Hydrogen sulfide was produced in a reactor (100-mL glass test tube equipped with a rubber stopper with two outlets), by the acidification of a sodium sulfide solution (about 2 g Na₂S·9H₂O/25 mL H₂O). Acidification was achieved by drop-wise delivery (to prevent aggressive frothing) of approximately 1 mL of 12 M HCl solution with a syringe that was mounted on one of the two openings via a hypodermic needle inserted in the stopper. The gas exited through the second opening in the reactor stopper via a 3-mm i.d. glass tube during several seconds. The other end of the 3-mm i.d. glass tube was connected with a 4-mm i.d. Tygon tube to another double-outlet rubber stopper. This stopper was equipped with a 140 mm-long by 3-mm i.d. inlet glass tube and a hypodermic needle acting as a vent for excess gas.
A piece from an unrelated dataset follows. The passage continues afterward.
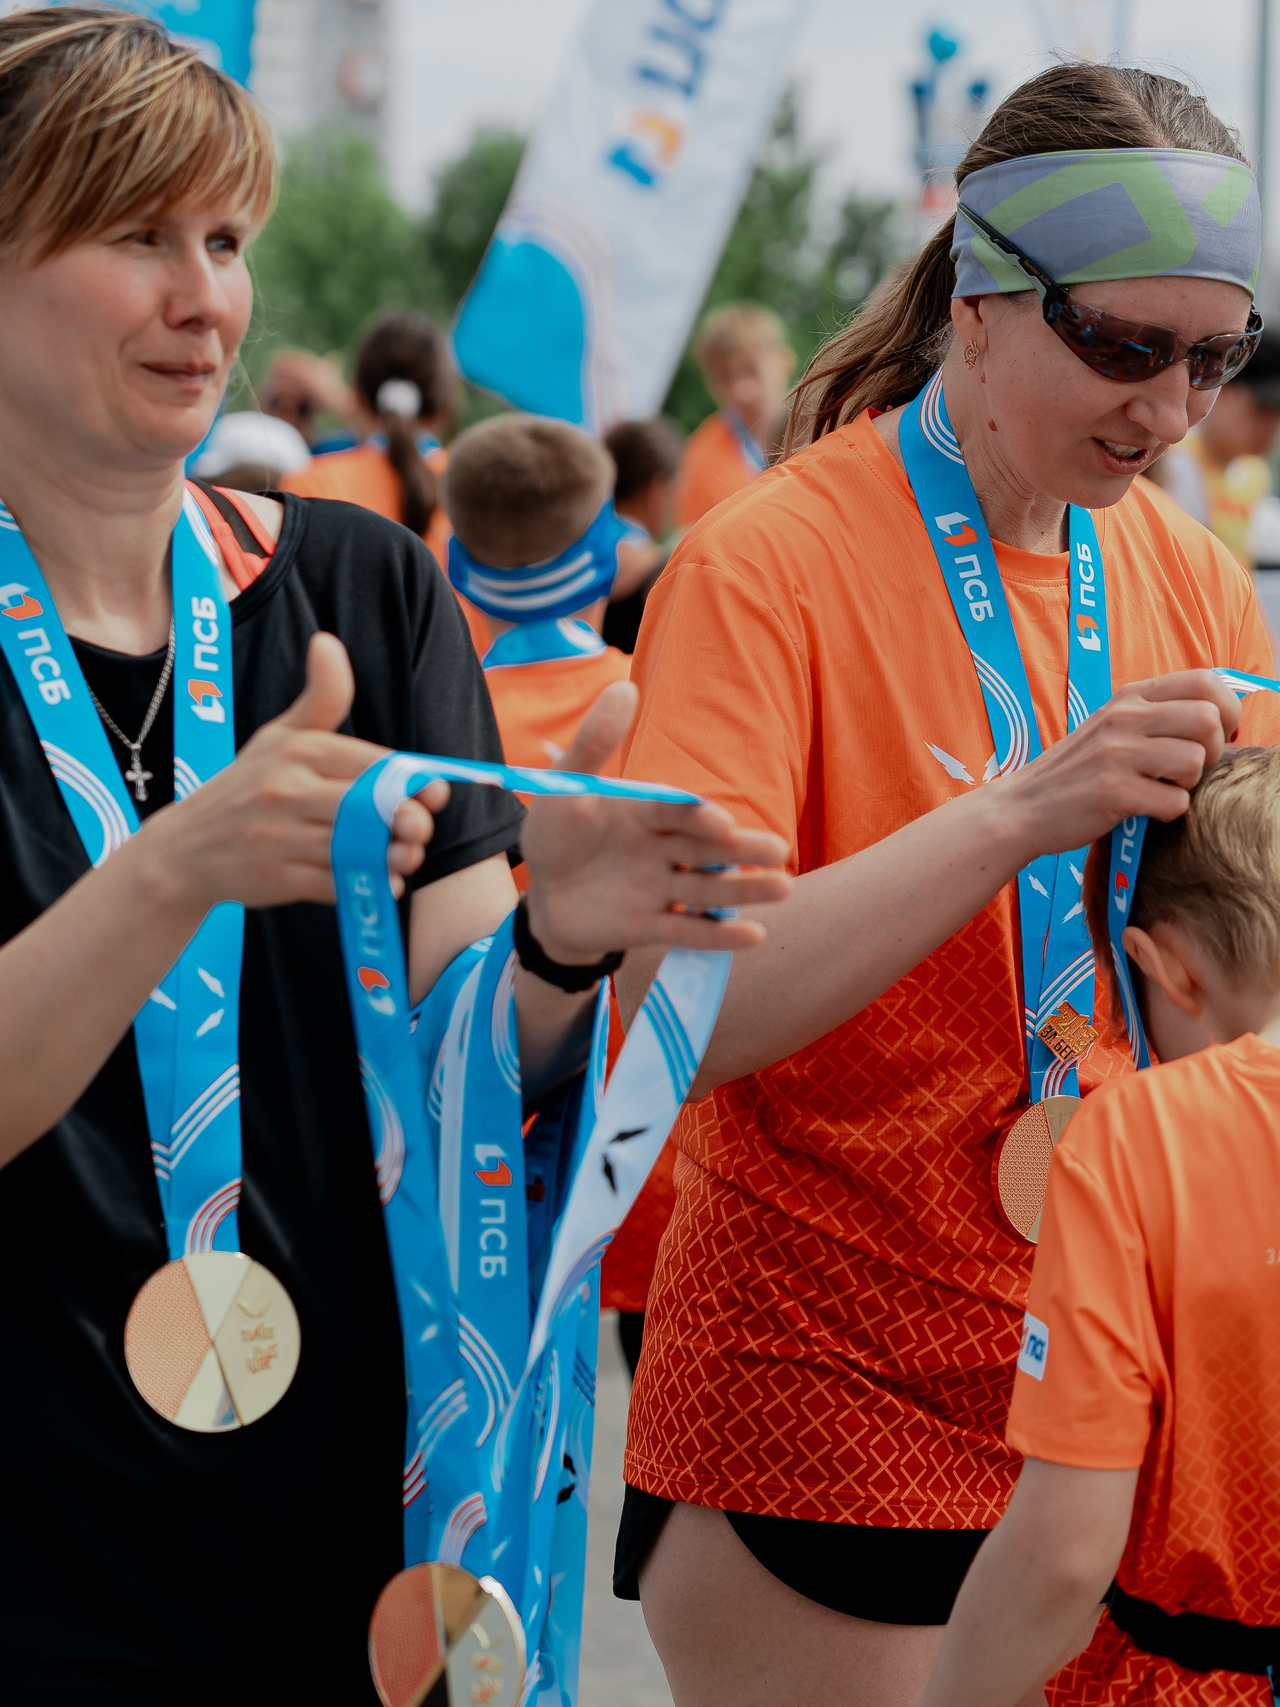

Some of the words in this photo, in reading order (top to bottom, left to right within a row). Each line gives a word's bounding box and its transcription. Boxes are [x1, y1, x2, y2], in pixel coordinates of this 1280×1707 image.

Once the H₂S gas started to evolve from the reactor, the stopper with the 140 mm-long glass tube was mounted on a test tube containing the abovementioned deoxygenated solutions, and gas bubbled for a few seconds, producing sulfide-enriched-solutions with a concentration range of 600 to 1400 mg of total S^2- per liter; and solution pH was between approximately 4.5 and 6. At that point, the test tube was closed with the rubber septum and was ready for the addition of an Fe source. The sulfide enrichment process was performed under a vent hood to remove any H₂S gas that escaped.
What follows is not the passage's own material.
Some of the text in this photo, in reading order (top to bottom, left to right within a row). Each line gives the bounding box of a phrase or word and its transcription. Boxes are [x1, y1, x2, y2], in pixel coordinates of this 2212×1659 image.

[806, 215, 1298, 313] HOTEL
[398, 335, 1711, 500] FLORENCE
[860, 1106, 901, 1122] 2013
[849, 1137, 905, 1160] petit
The sulfidized solution pH was determined with a glass electrode by removing the rubber septum and a sample was removed for sulfide determination. Thereafter, test tube headspace was flushed with N₂ for 30 s. Flushing of the test tube headspace was done by N₂ injection through a hypodermic needle inserted into the stopper, where excess N₂ was removed via a second hole made by passing a second hypodermic needle through the stopper. After 30 s both needles were removed simultaneously. Sulfide concentrations were determined by the methylene blue method (Cline, 1969).

Mineral Preparation
Pure goethite was prepared synthetically using slow oxidation of a mixture of FeCl₂·4H₂O and NaHCO₃ (Schwertmann and Cornell, 1991). The ferrihydrite used was 2-line ferrihydrite, which was prepared by the addition of KOH to Fe(NO₃)₃·9H₂O (Schwertmann and Cornell, 1991). The excess salt was removed by centrifugation using several washing with deionized water. Part of each Fe oxide was then stored in the deionized solution and the other part was freeze-dried. The hematite used in this experiment was a fine clay fraction from commercial reagent grade Fe₂O₃. The purity of the Fe oxides was confirmed with x-ray diffraction (XRD) analysis (Joint Committee on Powder Diffraction Standards [JCPDS], 1980).
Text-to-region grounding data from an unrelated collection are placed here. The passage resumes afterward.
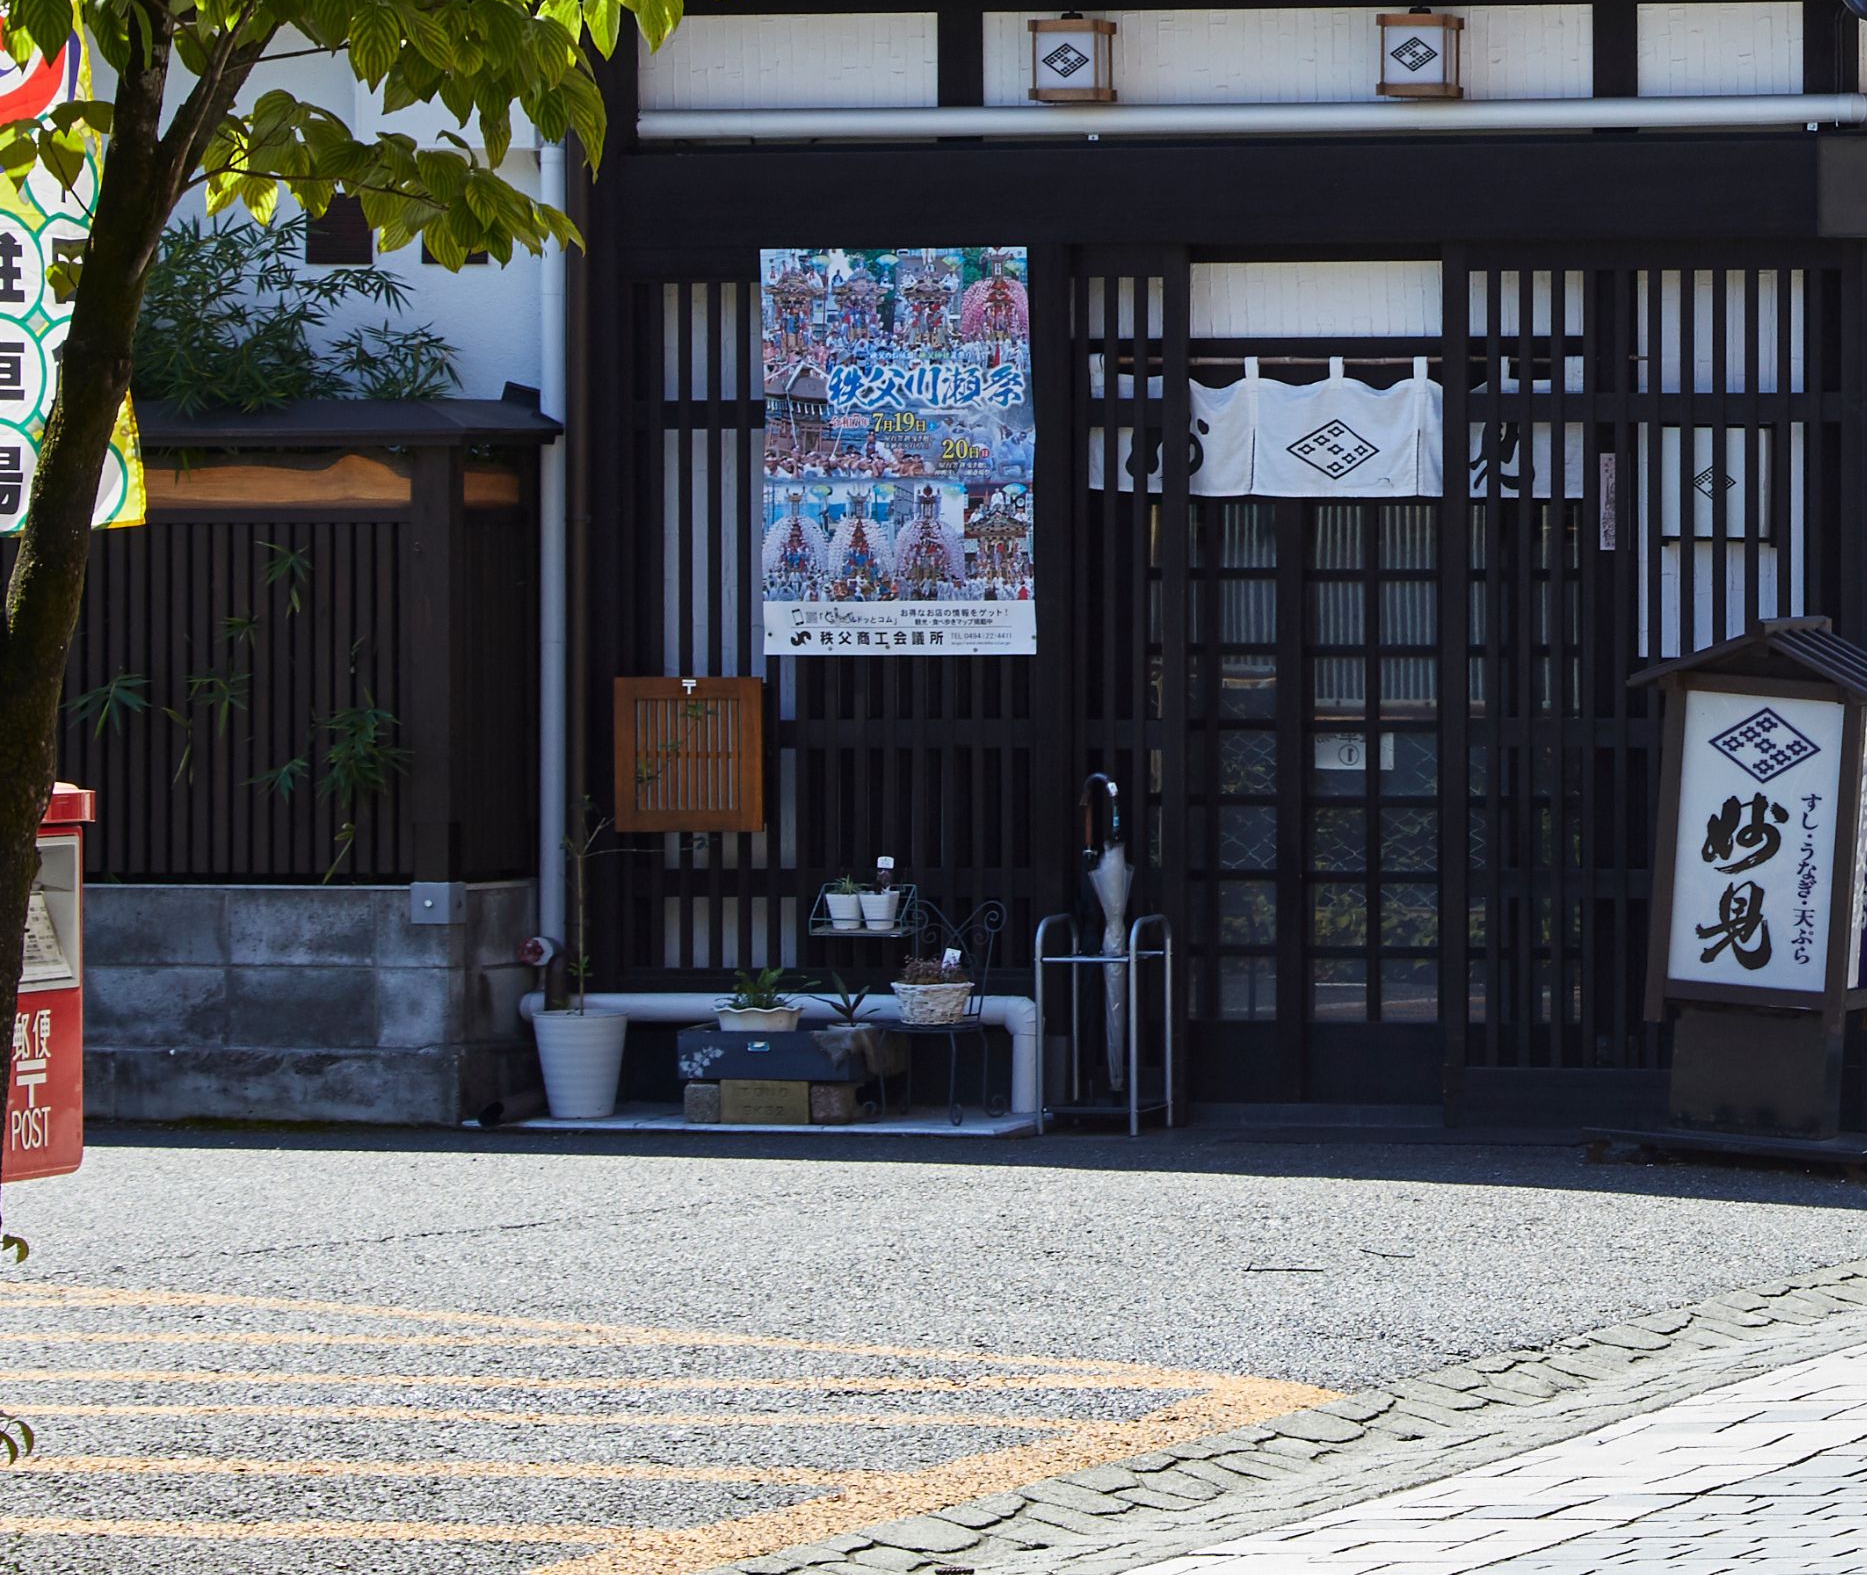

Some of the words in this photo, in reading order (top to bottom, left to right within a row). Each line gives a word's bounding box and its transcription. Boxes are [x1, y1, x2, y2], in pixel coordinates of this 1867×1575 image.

[828, 365, 1025, 408] 秩父川瀬祭
[873, 412, 926, 433] 7月19日
[942, 439, 980, 459] 20日
[820, 630, 944, 645] 秩父商工会議所
[1695, 792, 1790, 971] 妙見
[1792, 793, 1823, 965] すし・うなぎ・天ぷら
[11, 1106, 51, 1151] POST
A 1-mL aliquot of deionized deoxygenated water with different concentrations (ranging between 2.1 x 10^-3 and 0.04 g) of goethite, ferrihydrite, hematite or FeSO₄·7H₂O was delivered to the test tube through a pipette with the stopper removed for about 5 s. The test tube headspace was then flushed with N₂ for 30 s.

X-Ray Diffraction and Transmission Electron Microscopy Methods
The material precipitated during the reaction of the Fe source and the S^2- was transferred from the test tube with a pipette, to a polished quartz slide (The Gem Dugout, State College, PA) mounted in a conventional Al box mount provided with the x-ray diffractometer and dried in approximately 3-min in a desiccator under vacuum (Vacuum pump model 1405M Duoseal, Sargent-Welch Scientific Co. Skokie, IL). To remove soluble salts, the slide was then washed by emersion in deionized water for approximately 1 min and redried in a 6-L desiccator under vacuum. The sample in the desiccator changed from glossy to lusterless appearance within 60 to 90 s indicating wet and dry conditions, respectively. Past experience with framboidal pyrite has indicated that keeping Fe sulfide samples dry is essential to maintaining their stability. The slide was then analyzed by XRD from 2 to 60° 2 using a step size of 0.05° 2 and a count time of 5 s. The XRD analysis was done on a Norelco diffractometer (Philips, Mahwah, NJ) with a graphite monochromator, using a theta compensating slit and Cu target x-ray tube operated at 30 kV and 18 mA.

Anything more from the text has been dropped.